Pelvic Ring Fractures

January 7, 2010


We submitted CPT code 27217, Open treatment of anterior pelvic bone fracture and/or dislocation for fracture patterns that disrupt the pelvic ring, unilateral, includes internal fixation, when performed (includes pubic symphysis and/or ipsilateral superior/inferior rami) to Medicare and received a denial that this CPT code is an invalid code.  Have you heard anything about this?

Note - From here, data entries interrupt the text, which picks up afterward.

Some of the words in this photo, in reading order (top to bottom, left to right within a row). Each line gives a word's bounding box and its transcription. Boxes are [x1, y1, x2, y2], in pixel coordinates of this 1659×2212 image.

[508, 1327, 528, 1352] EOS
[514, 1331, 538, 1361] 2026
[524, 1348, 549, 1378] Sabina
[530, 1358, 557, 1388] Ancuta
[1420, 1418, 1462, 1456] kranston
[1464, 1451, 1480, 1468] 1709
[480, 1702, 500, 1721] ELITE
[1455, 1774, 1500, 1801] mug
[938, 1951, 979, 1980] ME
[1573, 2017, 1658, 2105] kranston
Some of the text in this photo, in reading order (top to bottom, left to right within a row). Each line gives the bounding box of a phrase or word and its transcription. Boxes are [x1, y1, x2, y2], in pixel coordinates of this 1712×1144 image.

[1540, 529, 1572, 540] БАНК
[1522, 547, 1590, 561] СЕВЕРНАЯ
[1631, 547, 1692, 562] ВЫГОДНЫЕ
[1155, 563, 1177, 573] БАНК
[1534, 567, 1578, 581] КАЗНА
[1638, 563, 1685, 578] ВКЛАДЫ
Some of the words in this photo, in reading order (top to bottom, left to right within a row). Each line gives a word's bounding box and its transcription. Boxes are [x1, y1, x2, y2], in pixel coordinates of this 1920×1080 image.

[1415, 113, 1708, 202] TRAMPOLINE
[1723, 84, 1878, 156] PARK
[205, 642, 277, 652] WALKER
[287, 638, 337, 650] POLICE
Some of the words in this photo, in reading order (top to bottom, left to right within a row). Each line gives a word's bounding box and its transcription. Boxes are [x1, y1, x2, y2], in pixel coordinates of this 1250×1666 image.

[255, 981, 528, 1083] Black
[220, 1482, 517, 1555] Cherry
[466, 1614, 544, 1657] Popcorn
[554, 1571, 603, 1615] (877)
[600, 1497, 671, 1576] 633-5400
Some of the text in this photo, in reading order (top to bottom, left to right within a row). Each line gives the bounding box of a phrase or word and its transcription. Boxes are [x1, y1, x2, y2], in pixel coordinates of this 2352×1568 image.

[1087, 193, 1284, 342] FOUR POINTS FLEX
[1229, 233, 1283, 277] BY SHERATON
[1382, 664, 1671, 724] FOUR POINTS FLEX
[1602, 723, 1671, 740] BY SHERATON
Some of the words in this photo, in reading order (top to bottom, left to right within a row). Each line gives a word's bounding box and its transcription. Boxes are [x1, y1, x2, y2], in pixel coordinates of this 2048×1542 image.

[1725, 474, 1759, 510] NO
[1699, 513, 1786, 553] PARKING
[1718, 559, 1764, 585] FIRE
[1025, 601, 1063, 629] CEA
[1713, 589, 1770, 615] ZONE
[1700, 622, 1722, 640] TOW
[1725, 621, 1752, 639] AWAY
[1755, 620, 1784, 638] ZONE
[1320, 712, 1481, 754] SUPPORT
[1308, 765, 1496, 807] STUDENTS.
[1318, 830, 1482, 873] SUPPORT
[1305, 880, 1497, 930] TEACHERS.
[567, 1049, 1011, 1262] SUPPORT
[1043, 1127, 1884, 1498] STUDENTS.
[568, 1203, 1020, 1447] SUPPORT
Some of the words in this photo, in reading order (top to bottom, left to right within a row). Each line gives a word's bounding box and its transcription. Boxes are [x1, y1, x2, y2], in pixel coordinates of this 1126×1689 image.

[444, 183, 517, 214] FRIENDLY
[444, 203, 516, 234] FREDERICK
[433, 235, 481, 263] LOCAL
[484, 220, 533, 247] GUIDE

Yes, unfortunately, when CPT added the 2009 guideline instructions that this procedure code could be reported bilaterally, Medicare disagreed with this and created their own “G” codes.    For Medicare only, you would report G0414 Open treatment of anterior pelvic bone fracture and/or dislocation for fracture patterns which disrupt the pelvic ring, unilateral or bilateral, includes internal fixation when performed (includes pubic symphysis and/or superior/inferior rami).

Note in the Medicare  G code description, they added the terms “unilateral or bilateral” meaning they will not recognize this as a bilateral procedure and will pay 25.75  RVUs one time only. Remember the G code applies to Medicare only.